Les objectifs du mouvement pacifiste et son intégration en tant que mouvement en Amérique du Nord sous les auspices de World Beyond War, l'ont rapproché des trois autres volets de la coalition émergente. Son objectif de réduire les budgets de la défense, d'annuler de nouveaux achats d'armes et de canaliser les fonds libérés vers la sécurité humaine reflète une préoccupation pour les droits sociaux et la démarchandisation. La sécurité humaine est définie comme l'expansion des droits sociaux et écologiques. D'où le lien avec les initiatives de justice économique et sociale. En outre, les liens entre le changement climatique et les problèmes de sécurité ont amené les mouvements pour le climat et la paix dans le dialogue. Même un petit échange nucléaire déclencherait un hiver nucléaire, avec des conséquences indicibles sur la sécheresse, la famine et la misère généralisée. À l'inverse, le changement climatique, en détruisant les moyens de subsistance et en rendant les régions tropicales inhabitables, sape les États fragiles et exacerbe les conflits ethniques et autres existants. La paix, la justice et la durabilité sont de plus en plus considérées comme inextricablement liées. C'est la base des alliances de coalition et du soutien mutuel des protestations de chaque mouvement.

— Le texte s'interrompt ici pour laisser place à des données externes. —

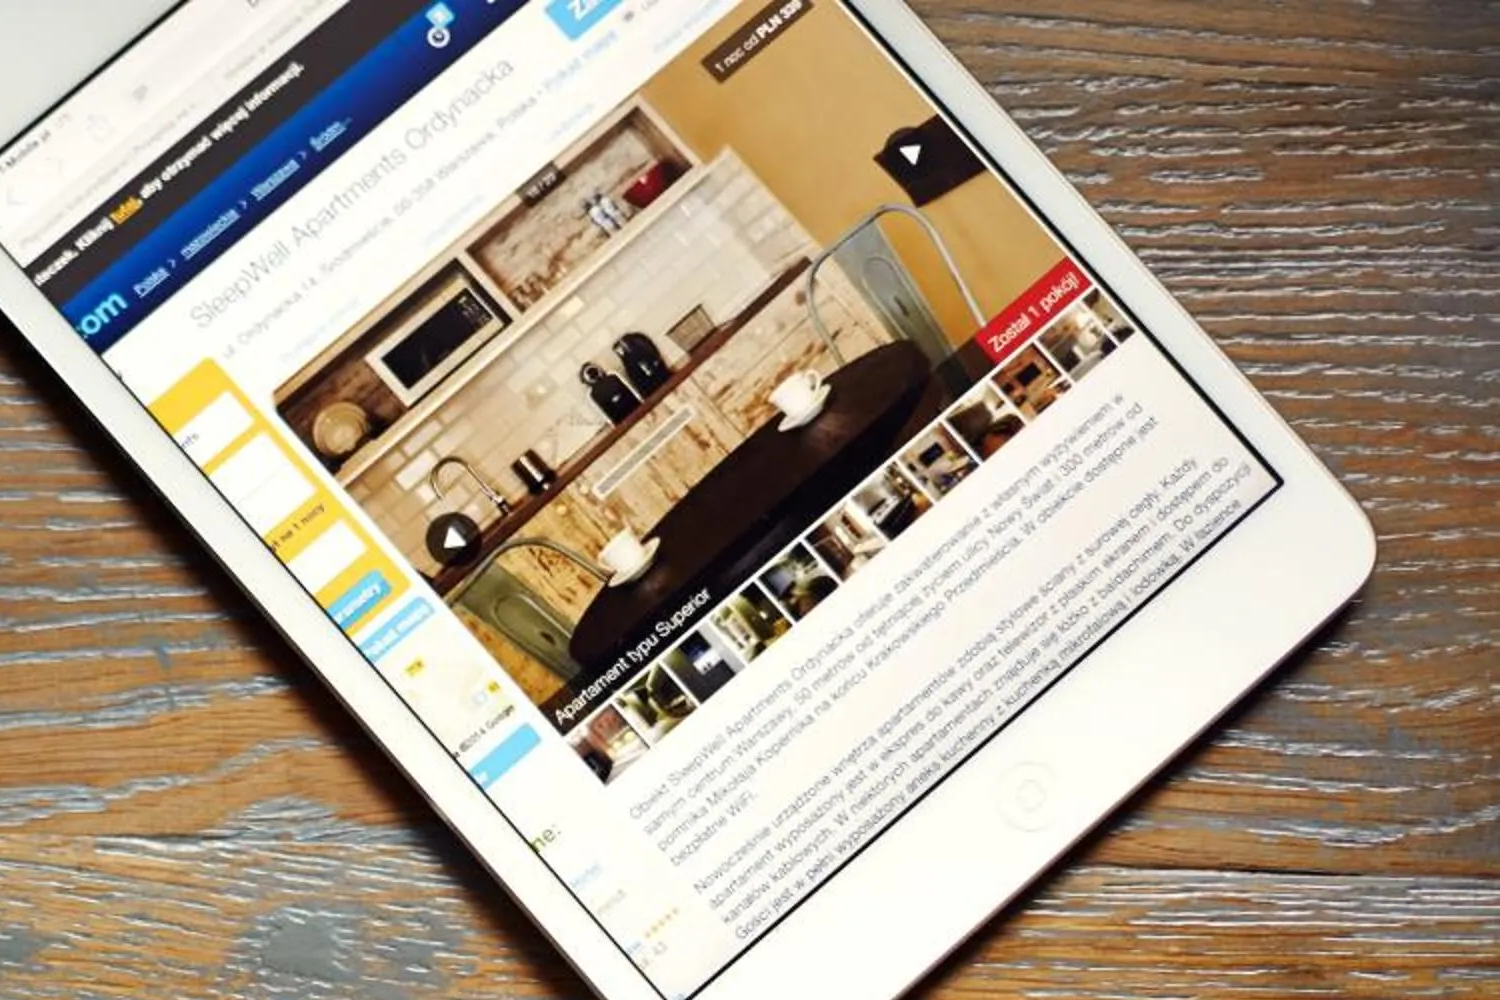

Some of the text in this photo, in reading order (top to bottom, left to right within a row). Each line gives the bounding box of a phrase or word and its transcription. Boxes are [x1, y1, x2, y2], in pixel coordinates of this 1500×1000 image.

[187, 239, 292, 327] SleepWell
[286, 148, 408, 246] Apartments
[402, 60, 517, 152] Ordynacka
[1025, 303, 1041, 320] 1
[550, 587, 714, 726] Apartament typu Superior

Making the Impossible Possible

Nous vivons dans la décennie décisive, confrontés à de sérieux défis qui mettent en péril l'avenir de toutes les espèces. La politique comme d'habitude dans les démocraties libérales semble incapable de saisir l'énormité des défis ou d'agir de manière décisive pour les gérer. Le chœur croissant de populistes-nationalistes autoritaires, avec leurs théories du complot teintées de race, érige un obstacle majeur à des solutions rationnelles et équitables à la crise multidimensionnelle. Dans ce contexte, les mouvements progressistes de la société civile jouent un rôle de plus en plus central dans la promotion des changements systémiques nécessaires. La question est: peut-on construire l'unité des mouvements à thème unique autour d'un programme commun qui évite à la fois l'utopisme et le simple réformisme? Aussi, le mouvement des mouvements aura-t-il suffisamment de discipline pour rester non-violent, résolument orienté vers la désobéissance civile? Les réponses aux deux questions doivent être oui - si nous voulons rendre l'impossible possible.

 

Richard Sandbrook est professeur émérite de science politique à l'Université de Toronto. Les livres récents incluent Reinventing the Left in the Global South: The Politics of the Possible (2014), une édition révisée et augmentée de Civilizing Globalization: A Survival Guide (co-éditeur et co-auteur, 2014), et Social Democracy in the Global Périphérie: origines, défis, perspectives (co-auteur, 2007).